The Enchantment of Lily Dahl Read online

Page 10


  Filthy Frank and Dirty Dick lingered in the driveway. They didn’t speak to or even look at each other. They stood inert and blank for a long time. Lily had hoped they would climb into the truck and drive away, but she understood that wasn’t going to happen when she saw Dick wander over to the fire. He reached up, picked a soft bundle from the nearest junk mound and dropped it into the bin. Whatever it was, it excited the flames and they rose high. Dick lifted his chin and stepped away from the heat, but when the blaze subsided, he moved close again and repeated what he had done before. This time, when he backed away from the leaping fire, Lily saw that he was laughing or that his expression suggested a laugh, but she heard no noise. It could have been that the crackle of the fire in combination with the wind hid the noise from her, but Lily was surprised that she heard nothing at all. He lifted his shoulders, threw his head back and opened his mouth wide as his head bobbed in silent hilarity. Then he drew something white from his pocket and threw it into the fire.
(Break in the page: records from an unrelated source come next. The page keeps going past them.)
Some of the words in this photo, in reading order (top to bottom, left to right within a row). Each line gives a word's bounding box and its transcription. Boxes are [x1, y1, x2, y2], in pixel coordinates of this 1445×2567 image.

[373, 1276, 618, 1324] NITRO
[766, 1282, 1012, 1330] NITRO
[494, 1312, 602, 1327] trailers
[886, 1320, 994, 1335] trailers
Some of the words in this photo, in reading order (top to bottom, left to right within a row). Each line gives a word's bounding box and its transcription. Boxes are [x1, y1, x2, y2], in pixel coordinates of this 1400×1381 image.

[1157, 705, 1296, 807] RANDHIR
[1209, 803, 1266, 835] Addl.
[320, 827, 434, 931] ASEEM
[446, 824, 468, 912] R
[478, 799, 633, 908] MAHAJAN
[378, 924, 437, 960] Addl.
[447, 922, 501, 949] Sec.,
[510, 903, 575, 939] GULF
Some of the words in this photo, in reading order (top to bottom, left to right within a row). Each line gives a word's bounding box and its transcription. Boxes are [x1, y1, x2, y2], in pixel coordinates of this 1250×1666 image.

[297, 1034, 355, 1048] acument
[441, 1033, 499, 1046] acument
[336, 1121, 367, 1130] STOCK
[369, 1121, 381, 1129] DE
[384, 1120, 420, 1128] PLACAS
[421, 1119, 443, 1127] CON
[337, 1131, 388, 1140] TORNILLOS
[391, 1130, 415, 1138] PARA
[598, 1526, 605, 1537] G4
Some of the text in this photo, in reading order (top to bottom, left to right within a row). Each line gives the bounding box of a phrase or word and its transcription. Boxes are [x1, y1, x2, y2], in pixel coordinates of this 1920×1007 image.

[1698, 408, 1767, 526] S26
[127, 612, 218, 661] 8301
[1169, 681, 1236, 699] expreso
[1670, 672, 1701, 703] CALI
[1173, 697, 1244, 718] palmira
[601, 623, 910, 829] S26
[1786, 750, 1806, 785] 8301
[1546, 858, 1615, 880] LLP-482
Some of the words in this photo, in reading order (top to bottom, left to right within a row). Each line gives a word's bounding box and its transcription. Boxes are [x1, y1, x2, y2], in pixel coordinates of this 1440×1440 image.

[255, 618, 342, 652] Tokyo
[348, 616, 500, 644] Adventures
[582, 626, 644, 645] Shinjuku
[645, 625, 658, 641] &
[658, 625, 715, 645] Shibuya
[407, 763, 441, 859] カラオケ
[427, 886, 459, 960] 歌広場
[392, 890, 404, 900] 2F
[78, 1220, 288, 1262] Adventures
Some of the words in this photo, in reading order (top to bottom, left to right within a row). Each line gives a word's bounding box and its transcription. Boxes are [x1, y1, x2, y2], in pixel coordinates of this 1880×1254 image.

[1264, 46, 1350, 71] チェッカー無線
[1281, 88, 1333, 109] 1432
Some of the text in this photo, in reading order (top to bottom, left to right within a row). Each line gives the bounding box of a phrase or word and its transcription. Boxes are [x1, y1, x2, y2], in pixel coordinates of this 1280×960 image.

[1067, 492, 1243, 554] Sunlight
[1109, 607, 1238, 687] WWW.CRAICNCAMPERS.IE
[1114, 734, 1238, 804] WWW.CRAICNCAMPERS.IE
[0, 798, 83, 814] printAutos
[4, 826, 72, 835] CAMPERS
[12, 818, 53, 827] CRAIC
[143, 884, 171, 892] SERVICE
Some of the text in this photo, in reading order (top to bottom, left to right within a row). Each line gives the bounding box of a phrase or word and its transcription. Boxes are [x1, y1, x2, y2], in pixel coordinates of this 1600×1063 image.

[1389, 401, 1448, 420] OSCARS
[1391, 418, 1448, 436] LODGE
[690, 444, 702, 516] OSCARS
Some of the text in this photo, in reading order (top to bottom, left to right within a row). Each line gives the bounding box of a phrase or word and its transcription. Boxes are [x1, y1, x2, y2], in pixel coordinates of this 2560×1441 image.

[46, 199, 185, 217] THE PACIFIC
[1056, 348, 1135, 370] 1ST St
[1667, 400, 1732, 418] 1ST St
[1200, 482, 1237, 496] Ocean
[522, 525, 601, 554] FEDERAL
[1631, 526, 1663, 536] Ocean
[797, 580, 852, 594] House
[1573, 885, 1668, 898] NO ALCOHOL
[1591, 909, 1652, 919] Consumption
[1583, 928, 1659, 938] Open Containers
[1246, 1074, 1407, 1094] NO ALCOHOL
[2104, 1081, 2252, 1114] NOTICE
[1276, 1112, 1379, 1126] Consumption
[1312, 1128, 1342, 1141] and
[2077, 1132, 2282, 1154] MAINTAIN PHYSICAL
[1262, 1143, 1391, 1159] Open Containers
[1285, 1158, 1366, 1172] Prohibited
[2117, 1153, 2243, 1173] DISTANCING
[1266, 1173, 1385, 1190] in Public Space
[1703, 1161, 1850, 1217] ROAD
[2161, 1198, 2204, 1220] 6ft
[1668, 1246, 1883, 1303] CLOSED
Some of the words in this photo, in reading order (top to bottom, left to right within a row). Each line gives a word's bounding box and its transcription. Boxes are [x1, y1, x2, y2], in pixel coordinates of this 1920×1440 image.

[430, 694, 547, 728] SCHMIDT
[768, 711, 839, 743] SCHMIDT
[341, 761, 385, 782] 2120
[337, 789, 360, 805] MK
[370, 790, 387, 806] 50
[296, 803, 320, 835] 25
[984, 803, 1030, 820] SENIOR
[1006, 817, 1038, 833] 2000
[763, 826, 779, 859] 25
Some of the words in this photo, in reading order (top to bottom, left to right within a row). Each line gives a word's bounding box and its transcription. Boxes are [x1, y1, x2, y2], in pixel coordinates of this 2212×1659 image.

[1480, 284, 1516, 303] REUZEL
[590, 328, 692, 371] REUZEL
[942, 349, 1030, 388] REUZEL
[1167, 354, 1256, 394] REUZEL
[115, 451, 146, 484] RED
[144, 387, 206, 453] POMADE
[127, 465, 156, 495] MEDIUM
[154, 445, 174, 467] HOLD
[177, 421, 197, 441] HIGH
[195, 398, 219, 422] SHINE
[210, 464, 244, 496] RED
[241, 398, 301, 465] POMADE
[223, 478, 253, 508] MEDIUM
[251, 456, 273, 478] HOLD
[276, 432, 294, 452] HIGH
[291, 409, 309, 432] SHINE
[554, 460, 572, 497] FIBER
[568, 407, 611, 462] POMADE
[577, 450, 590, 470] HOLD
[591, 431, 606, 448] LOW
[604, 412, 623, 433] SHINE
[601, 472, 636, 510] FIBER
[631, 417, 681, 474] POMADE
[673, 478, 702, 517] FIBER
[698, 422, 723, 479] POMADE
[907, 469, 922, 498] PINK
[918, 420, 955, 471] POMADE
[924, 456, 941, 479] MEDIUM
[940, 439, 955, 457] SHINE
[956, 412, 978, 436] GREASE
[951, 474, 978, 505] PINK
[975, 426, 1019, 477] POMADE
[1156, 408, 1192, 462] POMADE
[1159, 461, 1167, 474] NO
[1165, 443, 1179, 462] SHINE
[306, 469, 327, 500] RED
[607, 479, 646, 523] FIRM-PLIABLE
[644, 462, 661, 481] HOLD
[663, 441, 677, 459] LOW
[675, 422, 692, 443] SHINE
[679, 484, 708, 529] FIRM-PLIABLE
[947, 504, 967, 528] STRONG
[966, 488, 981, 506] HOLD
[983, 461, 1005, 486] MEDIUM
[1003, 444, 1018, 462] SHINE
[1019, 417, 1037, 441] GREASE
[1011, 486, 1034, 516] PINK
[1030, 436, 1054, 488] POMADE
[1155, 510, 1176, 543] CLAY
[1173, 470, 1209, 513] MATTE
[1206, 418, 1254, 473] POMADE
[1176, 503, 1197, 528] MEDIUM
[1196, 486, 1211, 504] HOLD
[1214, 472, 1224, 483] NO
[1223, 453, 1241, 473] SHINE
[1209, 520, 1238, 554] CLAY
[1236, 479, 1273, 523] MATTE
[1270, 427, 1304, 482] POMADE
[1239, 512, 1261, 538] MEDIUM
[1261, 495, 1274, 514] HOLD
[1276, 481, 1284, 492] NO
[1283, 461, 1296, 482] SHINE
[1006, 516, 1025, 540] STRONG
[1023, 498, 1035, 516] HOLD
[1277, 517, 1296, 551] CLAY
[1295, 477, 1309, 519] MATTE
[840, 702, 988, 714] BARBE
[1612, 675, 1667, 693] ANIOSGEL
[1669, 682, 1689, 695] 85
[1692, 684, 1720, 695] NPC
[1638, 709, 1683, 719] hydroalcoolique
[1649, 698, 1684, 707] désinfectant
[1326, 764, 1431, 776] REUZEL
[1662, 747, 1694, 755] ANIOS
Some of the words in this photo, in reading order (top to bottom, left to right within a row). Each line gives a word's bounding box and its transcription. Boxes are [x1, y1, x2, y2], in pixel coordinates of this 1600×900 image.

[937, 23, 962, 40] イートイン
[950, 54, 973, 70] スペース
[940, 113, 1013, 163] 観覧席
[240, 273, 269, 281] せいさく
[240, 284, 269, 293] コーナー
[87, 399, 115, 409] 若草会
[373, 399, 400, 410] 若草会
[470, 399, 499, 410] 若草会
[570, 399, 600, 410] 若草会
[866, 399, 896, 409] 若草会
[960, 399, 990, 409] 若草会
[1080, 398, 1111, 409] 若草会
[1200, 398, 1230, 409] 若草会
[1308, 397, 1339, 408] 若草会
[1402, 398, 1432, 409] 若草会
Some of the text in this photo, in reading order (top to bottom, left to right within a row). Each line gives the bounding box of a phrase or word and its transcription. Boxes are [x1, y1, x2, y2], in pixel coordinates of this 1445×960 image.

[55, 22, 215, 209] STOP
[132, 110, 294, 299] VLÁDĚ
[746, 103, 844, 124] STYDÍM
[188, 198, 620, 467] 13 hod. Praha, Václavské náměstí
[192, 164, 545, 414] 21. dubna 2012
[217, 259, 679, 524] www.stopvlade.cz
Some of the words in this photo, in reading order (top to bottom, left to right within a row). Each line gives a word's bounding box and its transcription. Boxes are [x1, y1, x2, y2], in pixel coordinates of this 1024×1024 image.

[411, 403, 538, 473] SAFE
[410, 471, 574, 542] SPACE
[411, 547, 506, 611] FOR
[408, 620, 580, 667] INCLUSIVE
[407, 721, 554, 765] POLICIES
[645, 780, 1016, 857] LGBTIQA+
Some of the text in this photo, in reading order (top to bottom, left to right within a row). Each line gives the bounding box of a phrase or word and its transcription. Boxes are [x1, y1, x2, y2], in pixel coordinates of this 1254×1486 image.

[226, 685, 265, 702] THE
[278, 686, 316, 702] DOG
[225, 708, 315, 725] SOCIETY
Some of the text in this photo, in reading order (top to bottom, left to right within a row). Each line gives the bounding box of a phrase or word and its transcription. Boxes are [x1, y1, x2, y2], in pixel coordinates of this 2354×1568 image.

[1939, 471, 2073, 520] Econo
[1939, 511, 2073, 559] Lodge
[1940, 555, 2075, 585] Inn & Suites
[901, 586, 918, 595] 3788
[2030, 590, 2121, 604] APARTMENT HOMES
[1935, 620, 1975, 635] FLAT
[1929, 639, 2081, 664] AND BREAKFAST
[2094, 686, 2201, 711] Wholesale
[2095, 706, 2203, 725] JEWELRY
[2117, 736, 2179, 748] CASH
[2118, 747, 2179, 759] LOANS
The white thing had little effect on the flames, but Dick laughed the noiseless laugh anyway, as though a burnt bit of cloth were the most uproarious thing he could think of. Lily saw Frank shuffle toward his brother, stop beside him and raise his fist above Dick’s head. She braced herself for a blow, but instead of hitting his brother, Frank let his arm fall slowly in front of Dick’s face. Then Frank turned toward the house, and his brother trailed after him. The screen door slammed and Lily thought to herself that it was now or never.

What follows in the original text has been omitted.